Extracted data entries
- Opening Delimiter -

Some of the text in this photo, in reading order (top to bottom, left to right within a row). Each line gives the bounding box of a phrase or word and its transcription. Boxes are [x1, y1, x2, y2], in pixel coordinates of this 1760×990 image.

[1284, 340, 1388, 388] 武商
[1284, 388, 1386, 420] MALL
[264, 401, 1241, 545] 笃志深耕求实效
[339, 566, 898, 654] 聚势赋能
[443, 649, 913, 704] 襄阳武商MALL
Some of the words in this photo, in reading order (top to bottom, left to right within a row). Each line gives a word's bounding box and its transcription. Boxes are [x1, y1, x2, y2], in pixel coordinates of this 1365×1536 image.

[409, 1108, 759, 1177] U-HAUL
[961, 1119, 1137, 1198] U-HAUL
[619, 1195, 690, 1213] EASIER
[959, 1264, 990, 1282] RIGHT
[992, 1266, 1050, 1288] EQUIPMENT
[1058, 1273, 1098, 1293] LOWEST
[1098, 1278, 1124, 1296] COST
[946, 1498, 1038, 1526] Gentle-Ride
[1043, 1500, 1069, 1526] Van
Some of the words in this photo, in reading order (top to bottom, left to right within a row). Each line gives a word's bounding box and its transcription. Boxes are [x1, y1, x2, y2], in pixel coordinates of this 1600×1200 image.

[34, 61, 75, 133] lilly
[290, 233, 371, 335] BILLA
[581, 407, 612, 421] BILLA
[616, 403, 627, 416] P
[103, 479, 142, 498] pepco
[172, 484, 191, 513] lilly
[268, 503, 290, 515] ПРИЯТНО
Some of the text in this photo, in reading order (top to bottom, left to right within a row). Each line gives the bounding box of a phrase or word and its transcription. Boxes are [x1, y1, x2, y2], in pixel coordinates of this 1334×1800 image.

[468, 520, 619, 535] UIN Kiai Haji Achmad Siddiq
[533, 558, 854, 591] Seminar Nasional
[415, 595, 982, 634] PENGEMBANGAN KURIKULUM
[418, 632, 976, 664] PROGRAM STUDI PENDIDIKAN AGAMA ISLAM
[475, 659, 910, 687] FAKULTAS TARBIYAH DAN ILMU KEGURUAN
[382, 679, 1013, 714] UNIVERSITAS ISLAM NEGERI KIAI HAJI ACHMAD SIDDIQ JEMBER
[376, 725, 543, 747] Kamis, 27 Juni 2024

- Closing Delimiter -

Exercise details
Every line must be copied exactly as it stands above.

Answer box
Some of the text in this photo, in reading order (top to bottom, left to right within a row). Each line gives the bounding box of a phrase or word and its transcription. Boxes are [x1, y1, x2, y2], in pixel coordinates of this 1760×990 image.

[1284, 340, 1388, 388] 武商
[1284, 388, 1386, 420] MALL
[264, 401, 1241, 545] 笃志深耕求实效
[339, 566, 898, 654] 聚势赋能
[443, 649, 913, 704] 襄阳武商MALL
Some of the words in this photo, in reading order (top to bottom, left to right within a row). Each line gives a word's bounding box and its transcription. Boxes are [x1, y1, x2, y2], in pixel coordinates of this 1365×1536 image.

[409, 1108, 759, 1177] U-HAUL
[961, 1119, 1137, 1198] U-HAUL
[619, 1195, 690, 1213] EASIER
[959, 1264, 990, 1282] RIGHT
[992, 1266, 1050, 1288] EQUIPMENT
[1058, 1273, 1098, 1293] LOWEST
[1098, 1278, 1124, 1296] COST
[946, 1498, 1038, 1526] Gentle-Ride
[1043, 1500, 1069, 1526] Van
Some of the words in this photo, in reading order (top to bottom, left to right within a row). Each line gives a word's bounding box and its transcription. Boxes are [x1, y1, x2, y2], in pixel coordinates of this 1600×1200 image.

[34, 61, 75, 133] lilly
[290, 233, 371, 335] BILLA
[581, 407, 612, 421] BILLA
[616, 403, 627, 416] P
[103, 479, 142, 498] pepco
[172, 484, 191, 513] lilly
[268, 503, 290, 515] ПРИЯТНО
Some of the text in this photo, in reading order (top to bottom, left to right within a row). Each line gives the bounding box of a phrase or word and its transcription. Boxes are [x1, y1, x2, y2], in pixel coordinates of this 1334×1800 image.

[468, 520, 619, 535] UIN Kiai Haji Achmad Siddiq
[533, 558, 854, 591] Seminar Nasional
[415, 595, 982, 634] PENGEMBANGAN KURIKULUM
[418, 632, 976, 664] PROGRAM STUDI PENDIDIKAN AGAMA ISLAM
[475, 659, 910, 687] FAKULTAS TARBIYAH DAN ILMU KEGURUAN
[382, 679, 1013, 714] UNIVERSITAS ISLAM NEGERI KIAI HAJI ACHMAD SIDDIQ JEMBER
[376, 725, 543, 747] Kamis, 27 Juni 2024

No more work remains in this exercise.